El acuerdo, que habría permitido a Cuba reconstruir su castigado sistema energético, exigía como contrapartida la liberalización de Cupet —controlada actualmente por el Partido Comunista— y la creación de un mecanismo para facilitar la transición política, algo que la Casa Blanca consideraba clave para impulsar reformas económicas. Fuentes cercanas a las negociaciones señalaron que la Administración Trump consideraba a Díaz-Canel un obstáculo para cualquier cambio estructural en la isla.
La propuesta, que se gestó en los últimos meses de la presidencia de Trump, nunca llegó a materializarse. Según el informe, la falta de voluntad del régimen cubano para ceder control sobre Cupet y la resistencia a cualquier cambio en la estructura de poder del Partido Comunista fueron los principales escollos. La negociación se estancó sin que se alcanzara un consenso, dejando sin efecto las conversaciones.

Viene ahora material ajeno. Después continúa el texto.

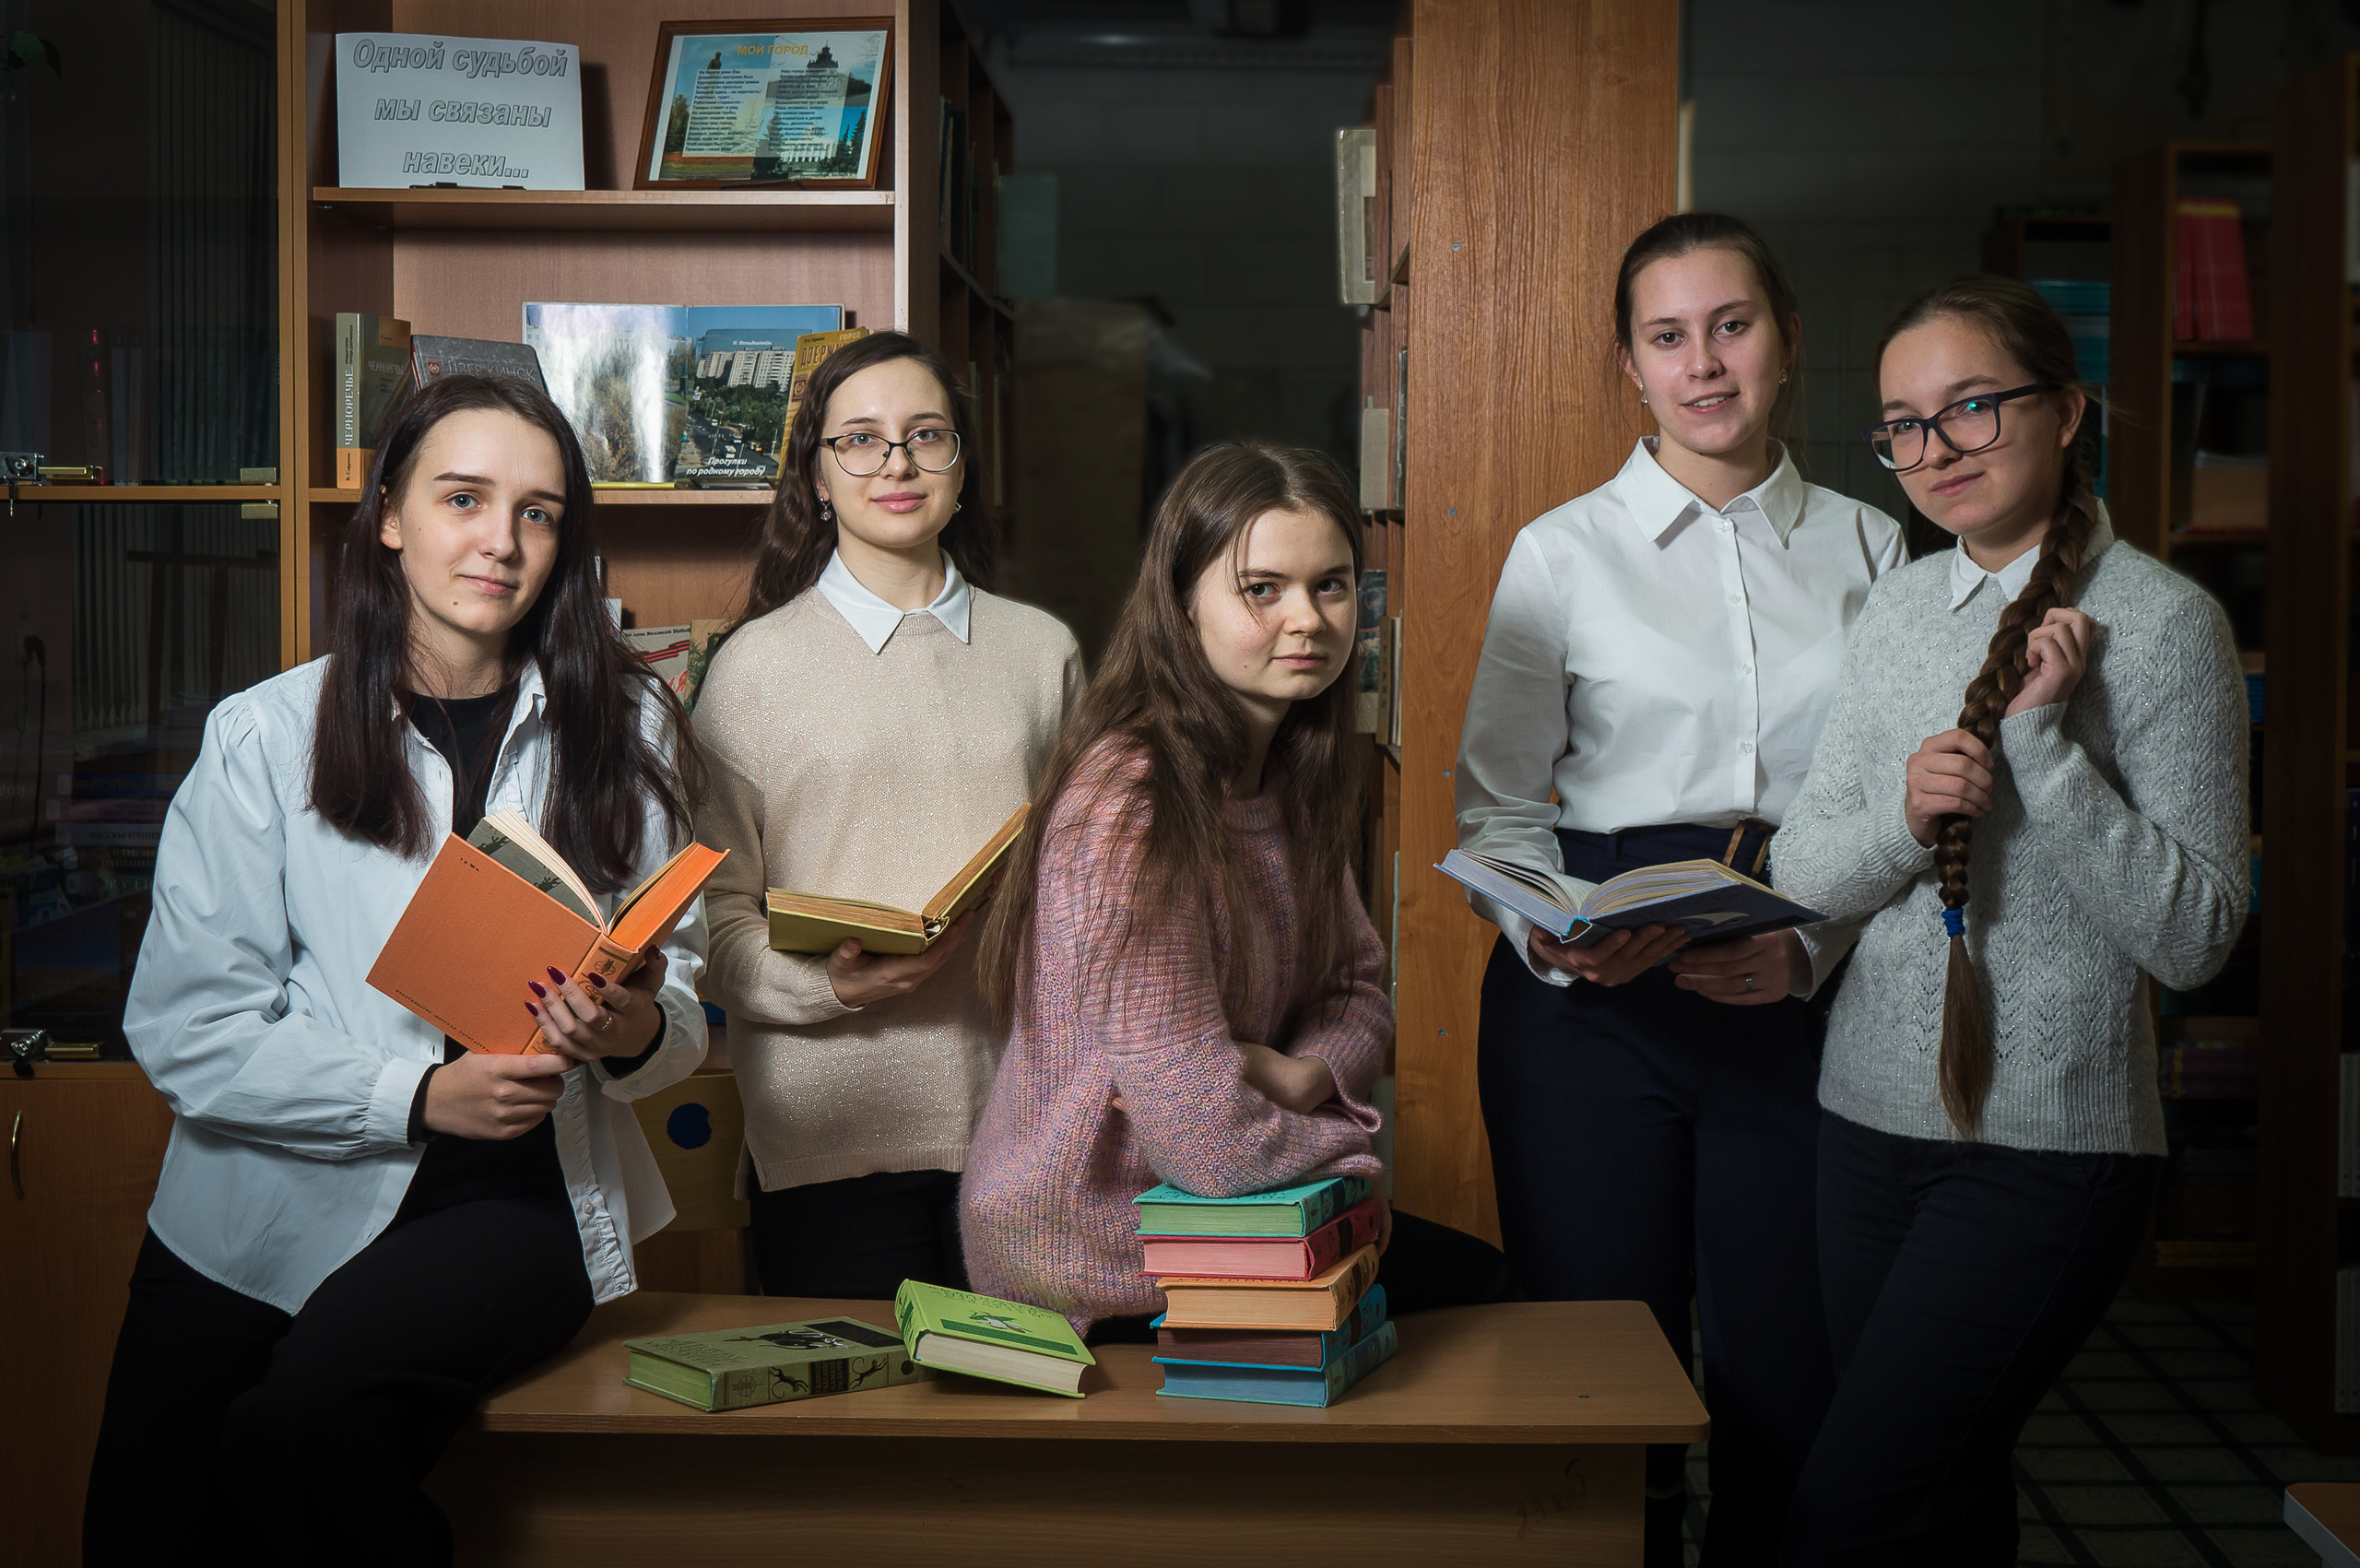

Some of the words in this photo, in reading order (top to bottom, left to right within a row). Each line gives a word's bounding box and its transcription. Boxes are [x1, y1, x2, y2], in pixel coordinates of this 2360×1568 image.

[353, 38, 446, 74] Одной
[452, 46, 568, 79] судьбой
[738, 43, 765, 55] МОЙ
[767, 44, 808, 56] ГОРОД
[374, 99, 421, 121] мы
[428, 100, 552, 128] связаны
[402, 151, 530, 179] навеки...
[345, 366, 354, 445] ЧЕРНОРЕЧЬЕ.
[697, 467, 735, 477] родному
[708, 456, 748, 466] Прогулки
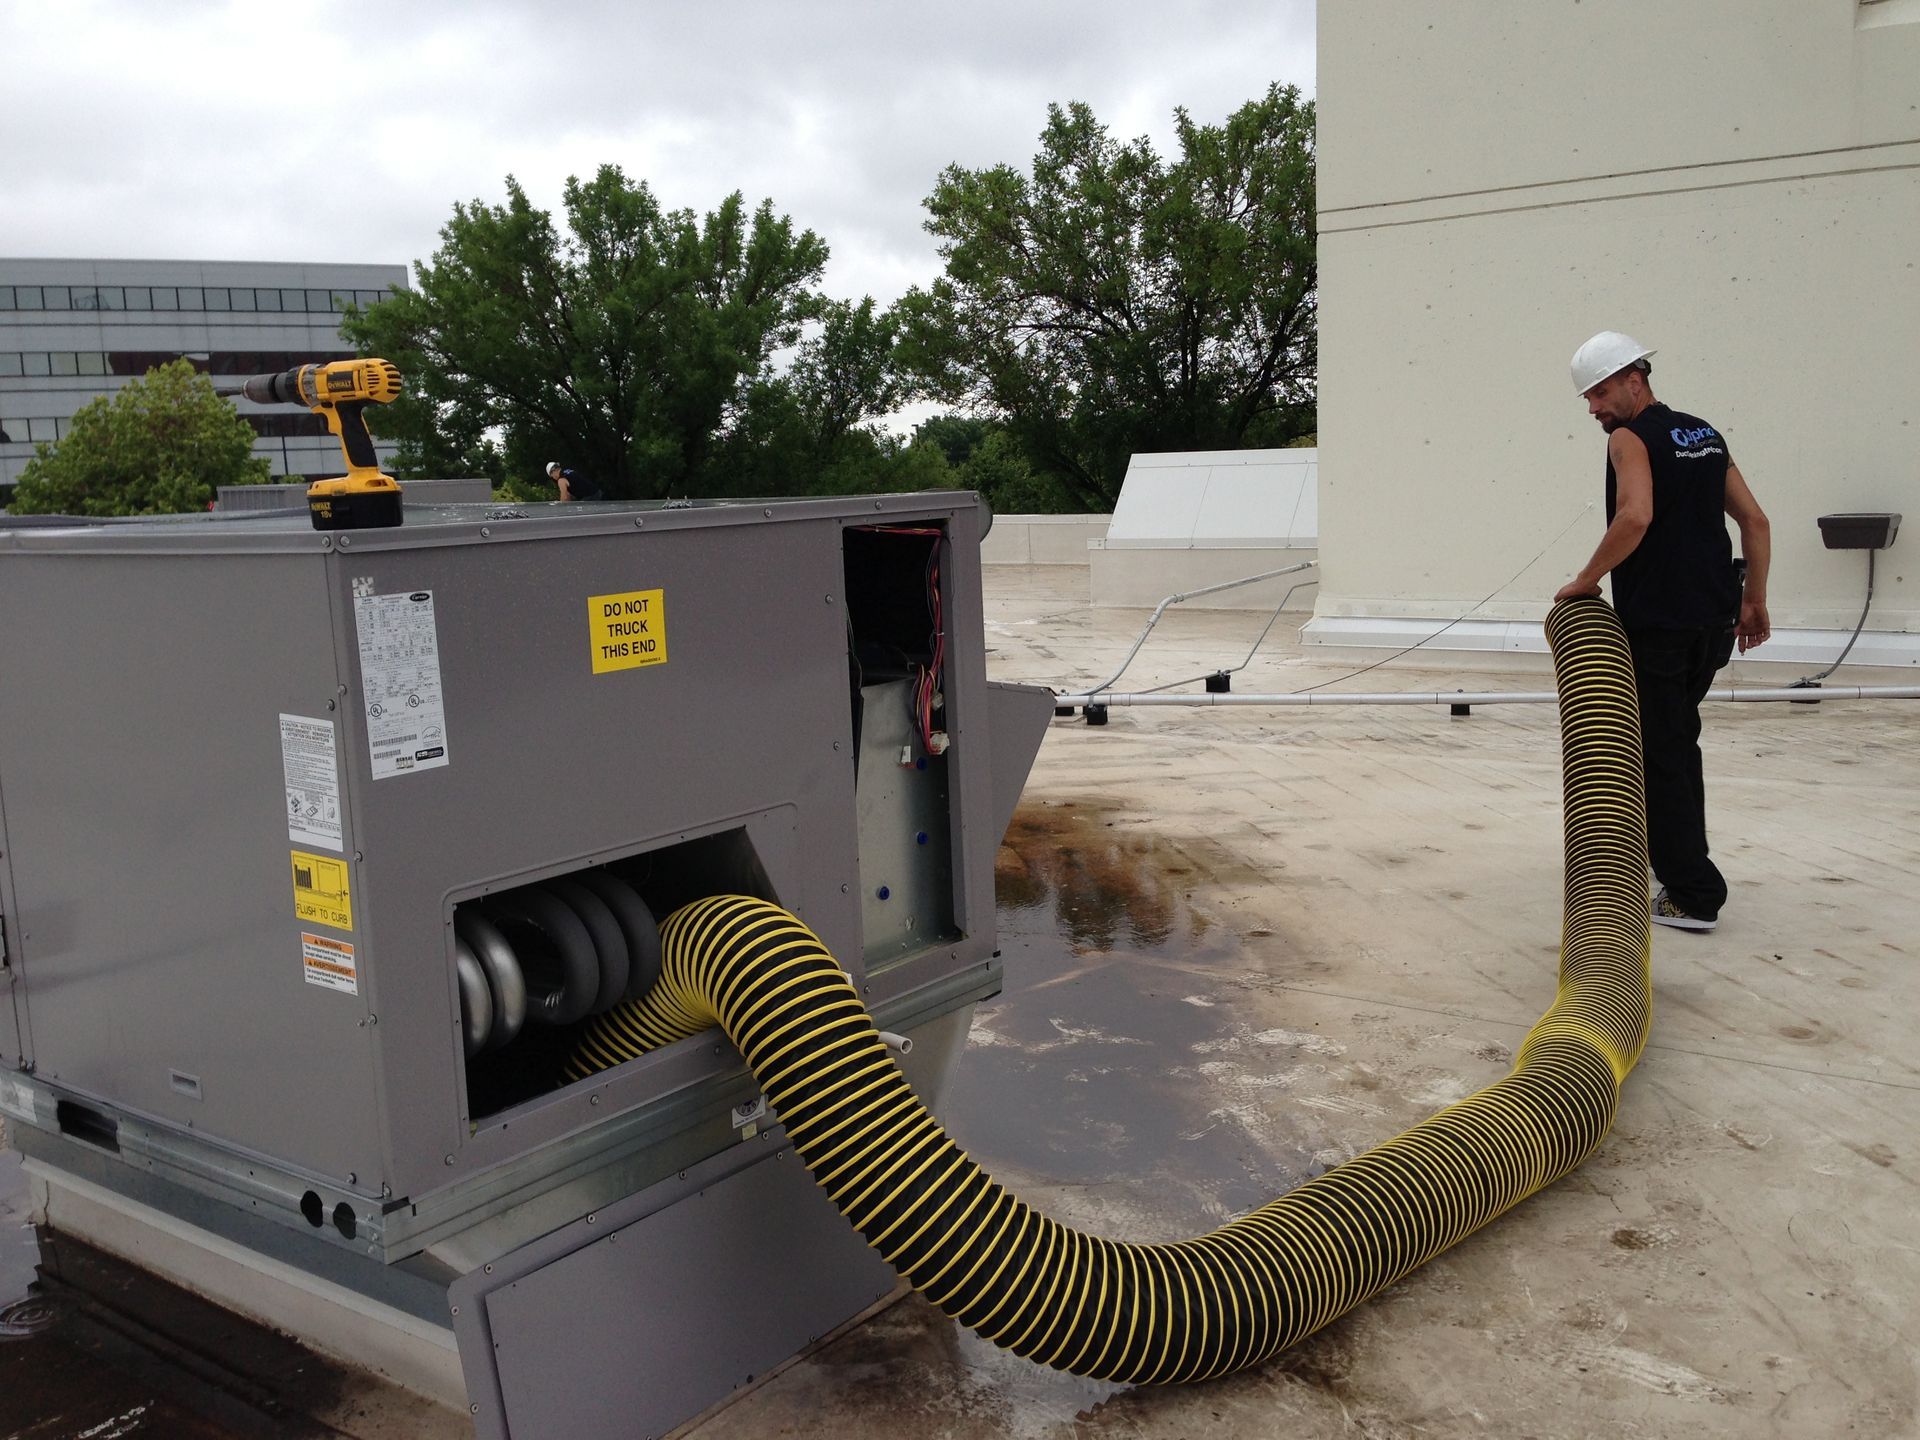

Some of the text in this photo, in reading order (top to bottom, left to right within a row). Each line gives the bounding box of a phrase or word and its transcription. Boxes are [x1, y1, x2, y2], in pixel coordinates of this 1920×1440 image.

[603, 599, 649, 617] DO NOT
[607, 620, 648, 637] TRUCK
[601, 639, 656, 659] THIS END
[296, 902, 348, 924] FLUSH TO CURB
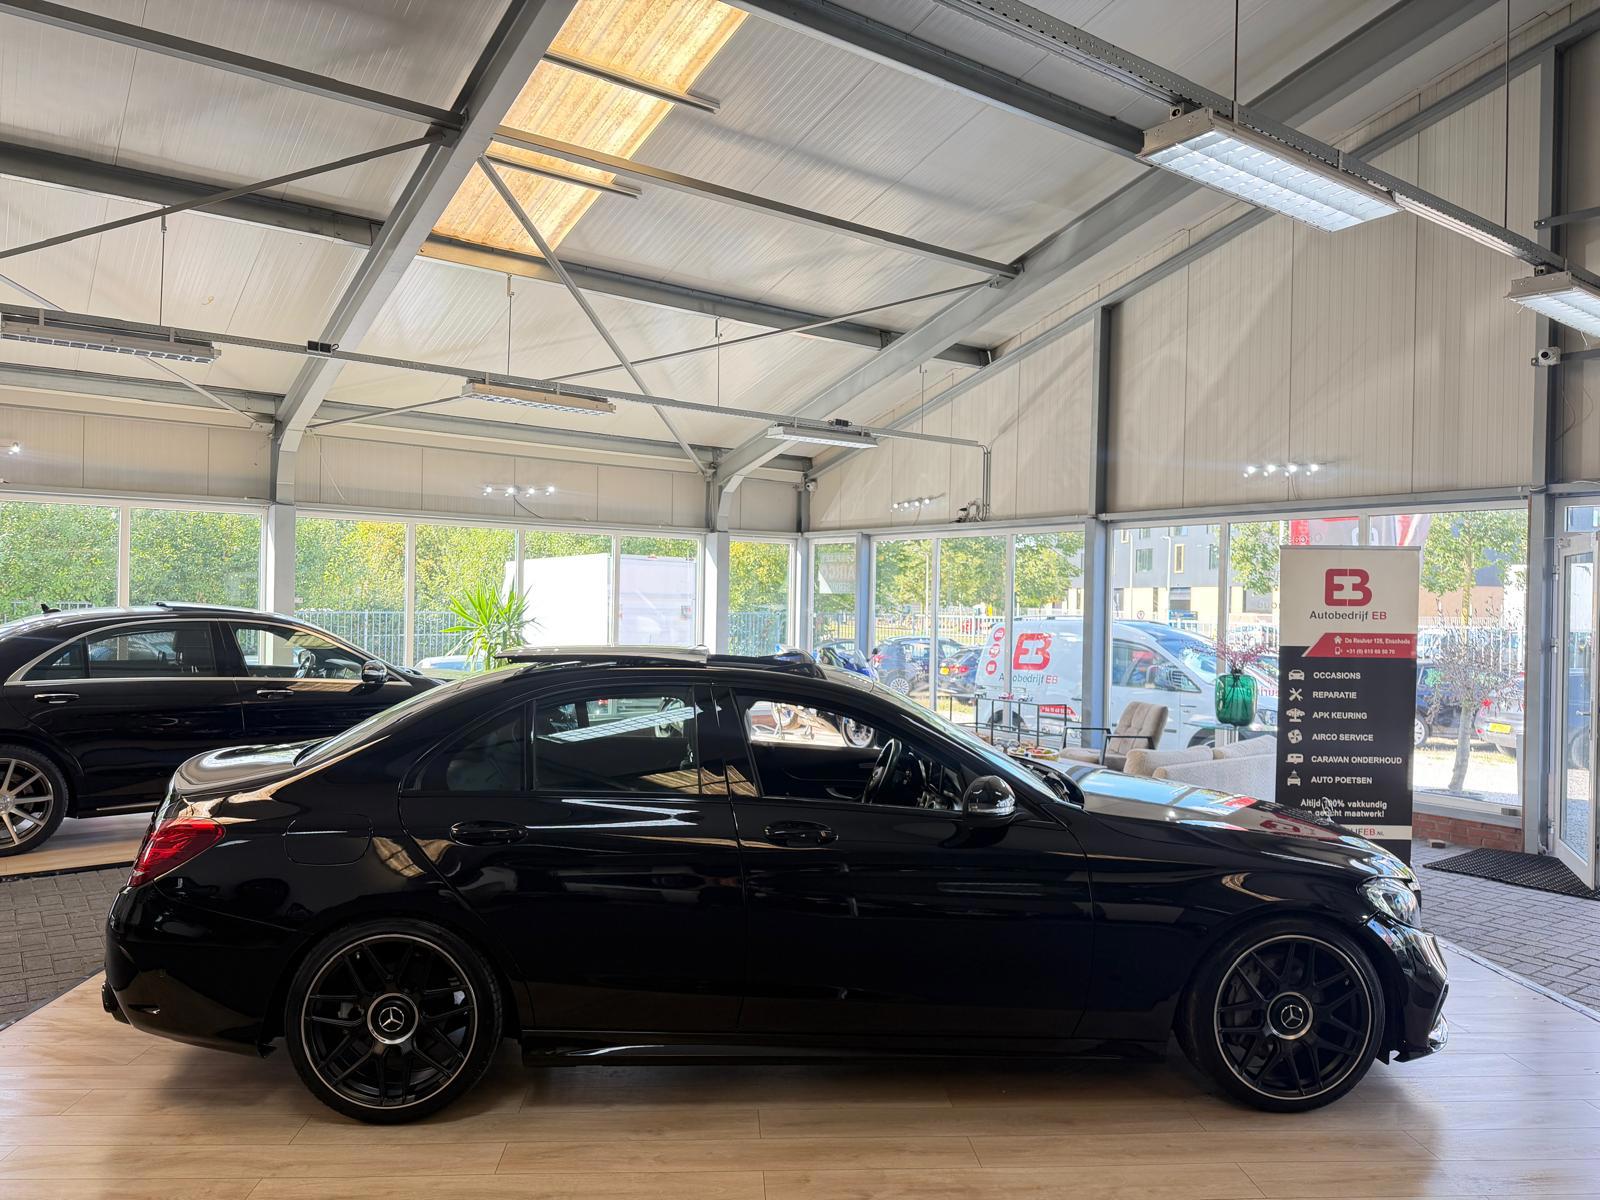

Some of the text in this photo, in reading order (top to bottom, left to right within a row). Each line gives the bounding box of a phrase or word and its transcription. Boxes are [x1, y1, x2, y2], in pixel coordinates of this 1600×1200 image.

[1324, 568, 1372, 606] EB
[1310, 610, 1388, 622] Autobedrijf EB
[998, 673, 1045, 687] Aobedrijf
[1313, 672, 1361, 680] OCCASIONS
[1312, 691, 1357, 699] REPARATIE
[1312, 711, 1368, 720] APK KEURING
[1312, 733, 1374, 742] AIRCO SERVICE
[1311, 756, 1402, 764] CARAVAN ONDERHOUD
[1311, 776, 1372, 784] AUTO POETSEN
[1300, 798, 1321, 809] Altijd
[1347, 799, 1388, 809] vakkundig
[1344, 809, 1384, 818] maatwerk!

El fracaso de este acuerdo refleja la tensión persistente entre Washington y La Habana, donde las sanciones económicas y las diferencias políticas han bloqueado cualquier avance en las relaciones bilaterales durante años. La administración Trump, conocida por su postura dura contra el régimen cubano, buscaba con esta propuesta un enfoque pragmático: combinar ayuda energética con reformas políticas, algo que no encontró eco en el gobierno de Díaz-Canel.
La revelación llega en un contexto de creciente presión internacional sobre Cuba, donde la crisis económica y energética ha profundizado las tensiones internas. La dependencia de combustibles importados y la falta de inversiones extranjeras han agravado la situación, pero hasta ahora ningún gobierno estadounidense había planteado un intercambio tan explícito entre ayuda económica y cambios políticos.
Según la exclusiva, la Casa Blanca calificó a Díaz-Canel como incapaz de sacar al país de su crisis, lo que motivó la propuesta de apertura de Cupet y la búsqueda de un mecanismo para facilitar la transición política. Esta valoración de la administración Trump subrayó la urgencia de un cambio estructural en la isla, aunque el régimen cubano mantuvo su postura de resistencia a cualquier ceder control sobre la petrolera estatal.